The company first launched its “Moments” app in the US last year.  It is meant as an easy way of sharing photos, using recognition technology to pick out photos that include the same people and grouping them together.
But since people were automatically opted into that feature, and so had their faces and identities analysed by people who were using the app, privacy watchdogs in the EU and Canada stopped it coming from the UK.


Perspective.  Slack is big enough to take on the big boys. 
'Sign-in With Slack' Takes on Facebook, Google, and Microsoft
   On Tuesday, Slack, the company behind the hot corporate chat service of the same name, said users can now sign into non-Slack services using their existing Slack identities.  This is something you can already do with Facebook Connect, Twitter, Google Apps Identity and Microsoft’s Azure Active Directory services.
According to an online post, people can now use Sign in with Slack to log into Quip, a document creation application.  Users can then give their existing Slack team members access to Quip documents and lists.  And it’s easy to convert Slack chats to Quip documents, if needed.
Five other companies Figma, Kifi, OfficeVibe, Slackline, and Smooz have also integrated their apps with Slack, the company said.
   That means fewer passwords to remember, which most will agree is a good thing.


Amusing, but I probably won’t be sharing this one with my Computer Security students.
This Popular Porn Site Debuted a Bug Bounty Program on the Same Platform as the Pentagon
Maximum bounty for hackers: $25,000.
Pornhub, one of the world’s most popular pornography sites, unveiled a bug bounty program on Tuesday.

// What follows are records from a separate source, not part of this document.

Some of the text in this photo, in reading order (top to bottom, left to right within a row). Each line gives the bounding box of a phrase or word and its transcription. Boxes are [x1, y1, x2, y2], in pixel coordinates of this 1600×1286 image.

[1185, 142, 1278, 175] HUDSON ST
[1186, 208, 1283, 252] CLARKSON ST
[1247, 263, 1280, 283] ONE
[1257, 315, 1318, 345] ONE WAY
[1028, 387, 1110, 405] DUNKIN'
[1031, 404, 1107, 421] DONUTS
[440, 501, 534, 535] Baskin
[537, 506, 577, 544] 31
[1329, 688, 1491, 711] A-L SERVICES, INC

The company, owned by Canadian private firm MindGeek, will pay white hat hackers for finding computer bugs on its site and reporting those vulnerabilities to its owners.  The site is running the program through the startup HackerOne, a bug bounty software startup that spun out of Facebook and that operates similar programs for companies such as General Motors, Uber, Twitter, Yahoo, Dropbox—and even the United States Department of Defense.


I want the App for that!  
The 2016 Rich List of the World's Top-Earning Hedge Fund Managers
At a conference a year ago, David Siegel, co-­chairman of quantitative hedge fund firm Two Sigma and an artificial-intelligence expert, predicted that computer-driven managers will one day rule the markets.  "The challenge facing the investment world is that the human mind has not become any better than it was 100 years ago, and it's very hard for someone using traditional methods to juggle all the information of the global economy in their head," he said.  "Eventually, the time will come that no human investment manager will be able to beat the computer."

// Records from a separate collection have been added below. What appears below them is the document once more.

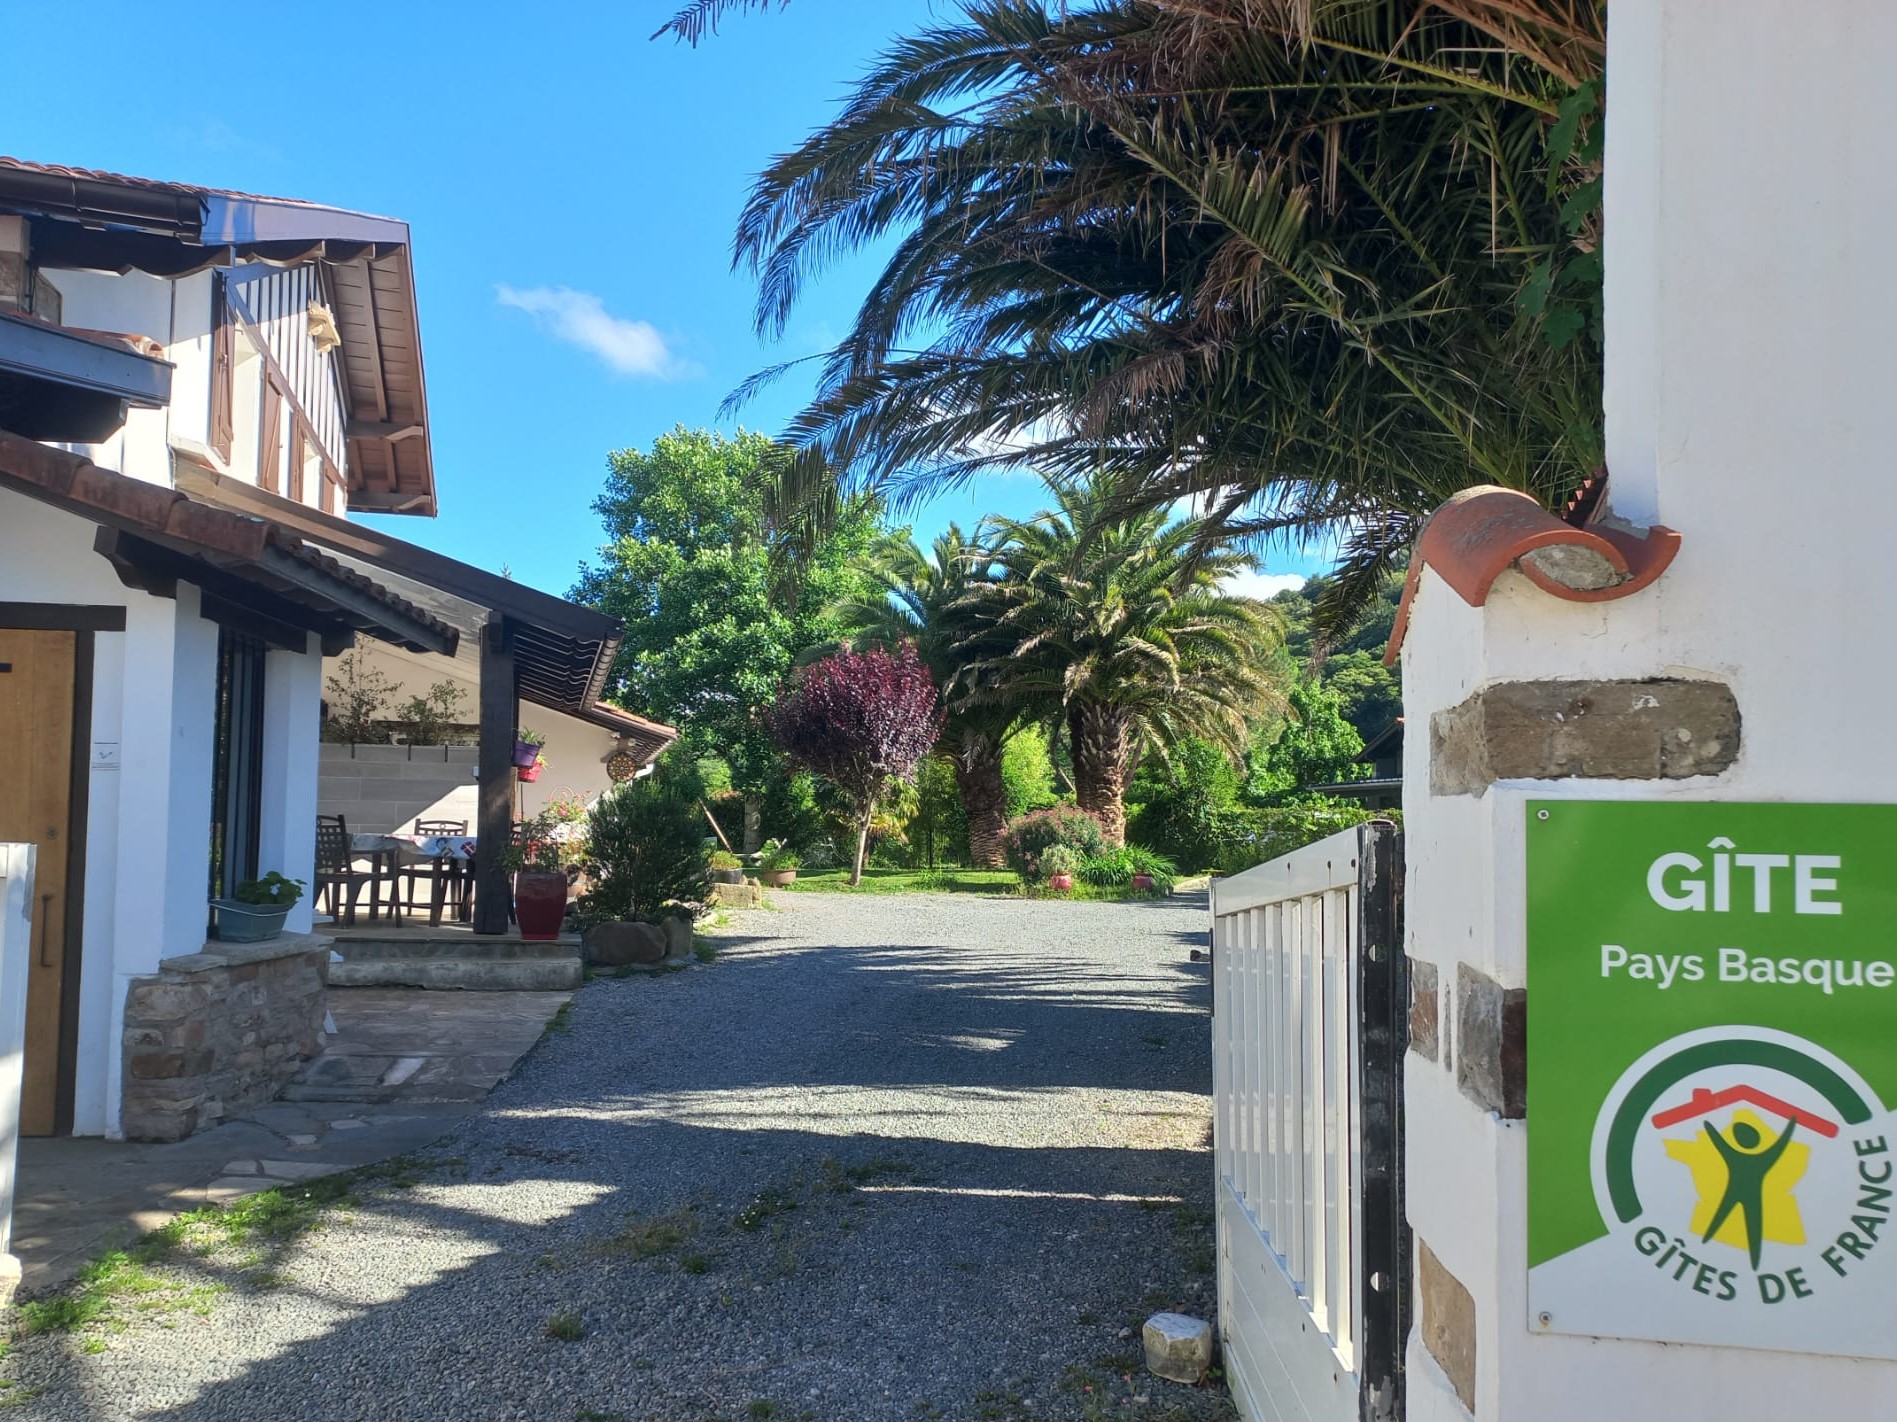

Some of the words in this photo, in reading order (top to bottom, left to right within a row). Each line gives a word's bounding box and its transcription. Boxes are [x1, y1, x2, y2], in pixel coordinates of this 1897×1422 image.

[1646, 836, 1843, 915] GÎTE
[1600, 944, 1705, 990] Pays
[1718, 947, 1896, 995] Basque
[1634, 1226, 1738, 1301] GÎTES
[1757, 1266, 1814, 1305] DE
[1820, 1135, 1893, 1278] FRANCE

Apparently, Siegel's future has already become a reality.  This year about half of the 25 highest-earning hedge fund managers topping Alpha's 15th annual Rich List used computer-­generated investing strategies to produce all or some of their investment gains.  They include Siegel and John Overdeck, his Two Sigma co-chairman and co-founder, who qualify for the Rich List for the first time.  They tie for seventh place after earning $500 million each last year.

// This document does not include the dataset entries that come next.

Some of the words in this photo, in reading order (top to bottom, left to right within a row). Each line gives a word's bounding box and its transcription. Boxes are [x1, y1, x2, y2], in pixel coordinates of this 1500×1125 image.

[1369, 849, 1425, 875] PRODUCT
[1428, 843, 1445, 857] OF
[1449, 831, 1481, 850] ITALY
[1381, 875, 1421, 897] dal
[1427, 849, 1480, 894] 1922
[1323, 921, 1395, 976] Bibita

In fact, six of the top eight on this year's ranking are considered to be full-fledged quants: managers who rely heavily on sophisticated computer programs as part of their process.  This is a far cry from 2002, when just two computer-driven managers qualified for the initial ranking, including Renaissance Technologies founder James Simons, the only person to appear all 15 years.
This year Simons shares the top spot with Citadel's Kenneth Griffin, who has invested huge sums over the years in what he touts as a state-of-the-art computer system.  They each earned $1.7 billion in 2015 after posting roughly midteens gains in their main hedge funds.
Bridgewater Associates'  Raymond Dalio, who also strongly relies on computers for making investment decisions, is tied for No. 3 with Appaloosa Management's David Tepper, the most successful hedge fund manager of all time among those who don't depend on computers.